FoodNewsLatam - La IA y la biotecnología marcan el rumbo del agro dominicano

La IA y la biotecnología marcan el rumbo del agro dominicano

República Dominicana Bioseguridad

La agricultura dominicana enfrenta un punto de inflexión que ya no admite postergaciones: producir más sin depender de la expansión de tierra cultivable, un recurso cada vez más limitado.

Así lo planteó el ministro de la Presidencia, José Ignacio Paliza, durante el XXVIII Encuentro Nacional de Líderes del Sector Agropecuario, organizado por la Junta Agroempresarial Dominicana en Punta Cana, donde ubicó a la inteligencia artificial, la agricultura de precisión y la biotecnología como los tres pilares que definirán la competitividad del campo dominicano en los próximos años.

El planteamiento llega en un momento en que el sector agropecuario dominicano necesita reposicionarse, aunque el país mantiene una prevalencia de subalimentación por debajo del 2.5%, uno de los indicadores más bajos de la región, su aporte al Producto Interno Bruto ronda apenas el 5% y su participación en las exportaciones totales muestra una tendencia decreciente desde hace más de una década.

En 2025, las exportaciones agropecuarias nacionales crecieron 24.2% interanual, impulsadas principalmente por el cacao en grano, mientras que las importaciones de rubros como maíz y trigo continúan presionando la balanza comercial del sector, que sigue siendo deficitaria.

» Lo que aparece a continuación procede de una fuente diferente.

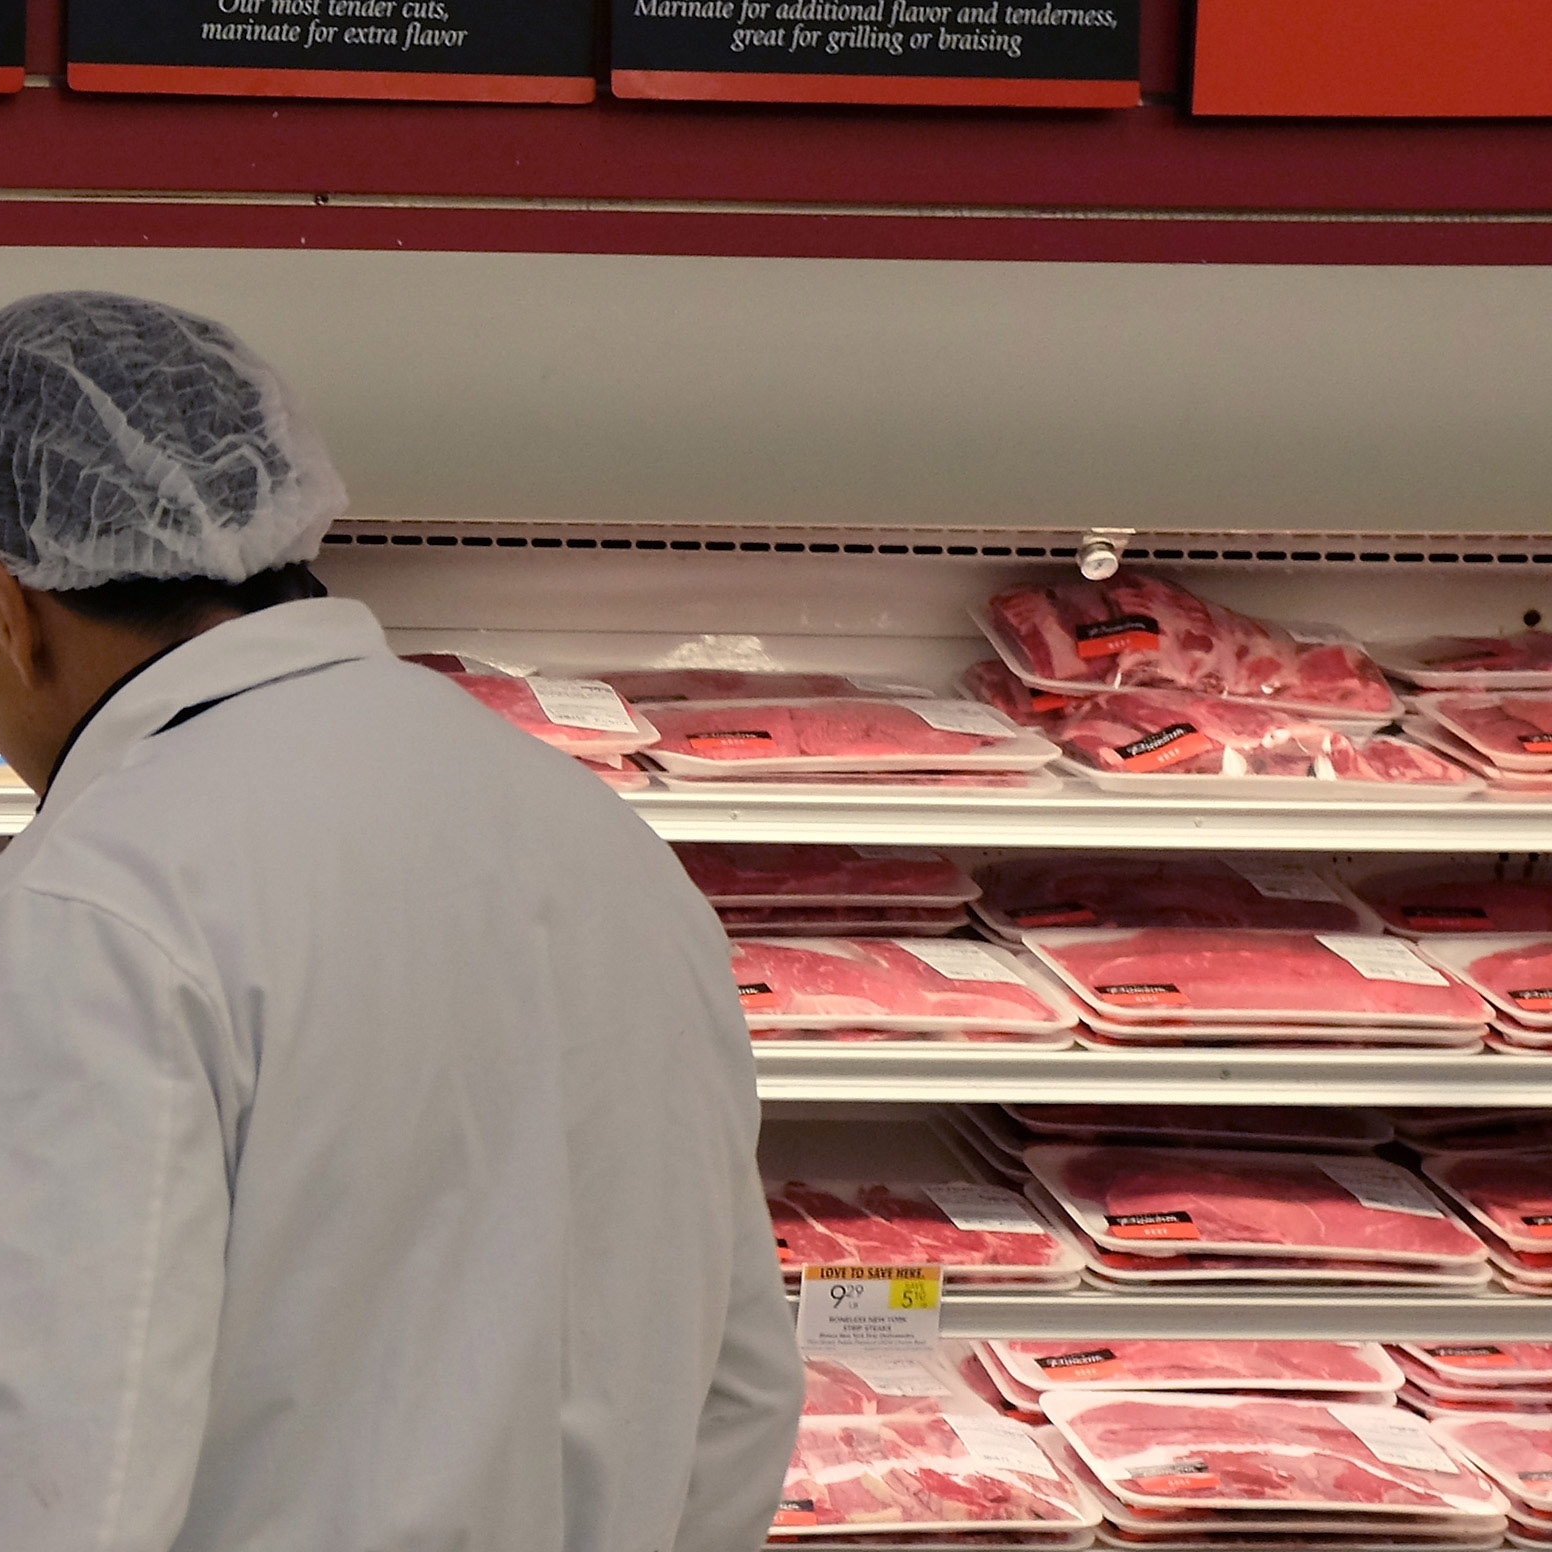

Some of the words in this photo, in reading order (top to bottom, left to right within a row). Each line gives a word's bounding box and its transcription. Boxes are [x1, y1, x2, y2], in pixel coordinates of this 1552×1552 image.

[270, 0, 321, 16] most
[328, 0, 396, 18] tender
[401, 0, 450, 22] cuts,
[634, 0, 734, 18] Marinate
[738, 0, 771, 24] for
[775, 0, 884, 21] additional
[890, 0, 954, 26] flavor
[957, 2, 998, 25] and
[1004, 2, 1118, 29] tenderness,
[201, 19, 301, 41] marinate
[304, 19, 338, 49] for
[344, 24, 397, 45] extra
[401, 21, 468, 51] flavor
[730, 27, 786, 51] great
[789, 23, 824, 52] for
[827, 26, 904, 56] grilling
[910, 33, 934, 51] or
[938, 31, 1022, 57] braising
[821, 1267, 846, 1279] LOVE
[850, 1267, 864, 1279] TO
[868, 1267, 892, 1279] SAVE
[896, 1267, 925, 1279] HERE.

Frente a ese escenario, Paliza defendió que la salida no pasa por sumar hectáreas sino por tecnificar cada eslabón de la cadena: riego de precisión, mecanización, manejo poscosecha y mejores sistemas de comercialización.

Como caso de éxito citó el mejoramiento genético en el cultivo de arroz, que permitió que las variedades públicas pasaran de representar apenas el 7% del área sembrada en 2015 al 68% en 2021, un salto que se tradujo en un incremento de productividad del 17%.

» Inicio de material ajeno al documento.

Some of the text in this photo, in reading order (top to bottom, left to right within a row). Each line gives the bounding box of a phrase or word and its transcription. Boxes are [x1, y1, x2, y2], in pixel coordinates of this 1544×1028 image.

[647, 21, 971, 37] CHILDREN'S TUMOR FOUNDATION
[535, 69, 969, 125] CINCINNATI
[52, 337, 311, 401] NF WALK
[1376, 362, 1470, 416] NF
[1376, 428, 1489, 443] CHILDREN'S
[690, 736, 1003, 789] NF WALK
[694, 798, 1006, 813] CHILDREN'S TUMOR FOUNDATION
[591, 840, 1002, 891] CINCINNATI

El funcionario interpretó ese resultado como evidencia de que el conocimiento técnico puede democratizar la productividad y permitir que los pequeños productores accedan a mejores mercados sin depender de mayor extensión de tierra.

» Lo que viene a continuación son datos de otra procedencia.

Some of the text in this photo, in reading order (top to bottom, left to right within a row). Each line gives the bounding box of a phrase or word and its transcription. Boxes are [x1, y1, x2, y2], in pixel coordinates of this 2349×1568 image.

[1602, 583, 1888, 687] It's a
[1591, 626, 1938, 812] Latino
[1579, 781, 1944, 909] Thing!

El ministro también puso como referencia internacional el trabajo del economista Michael Kremer, Premio Nobel de Economía 2019, cuyo Development Innovation Lab desarrolló en India modelos de inteligencia artificial que cruzan información histórica y herramientas estadísticas para generar pronósticos meteorológicos más precisos, una tecnología que reduce la incertidumbre climática sobre la planificación de siembra y cosecha.

Ese tipo de aplicación se inserta en una tendencia global que crece con rapidez: el mercado mundial de inteligencia artificial aplicada a la agricultura ya supera los 5,000 millones de dólares y se proyecta que se multiplique varias veces hacia el próximo lustro, impulsado por sensores IoT, drones de monitoreo de cultivos y algoritmos de predicción de rendimiento.

Para sostener esa transformación, Paliza insistió en que no existe tecnificación posible sin capital humano preparado para conducirla, el funcionario detalló los esfuerzos de formación en agrobótica, agromática, sistemas de información geográfica, riego 4.0 y cultivos hidropónicos, disciplinas que el gobierno dominicano busca instalar en las nuevas generaciones de productores a través de programas como Prorural Joven, Campo Joven 2.0 y Beca Tu Futuro.

La apuesta, dijo, no es simplemente pedirle a los jóvenes que permanezcan en el campo, sino construir un entorno rural con financiamiento, formación y oportunidades de emprendimiento que los motive a quedarse por decisión propia.

El planteamiento se enmarca en lo que el propio ministro describió como la disolución de las fronteras entre agricultura, agroindustria y tecnología dentro de un mismo proceso de transformación productiva, equivalente a lo que la industria global identifica como Industria 4.0 aplicada al campo.

Para República Dominicana, el desafío no es menor: competir en mercados internacionales cada vez más exigentes en trazabilidad, sostenibilidad y eficiencia de recursos, sin resignar la seguridad alimentaria que hoy sostiene a miles de familias rurales y que constituye, según remarcó Paliza, mucho más que una cifra de crecimiento económico.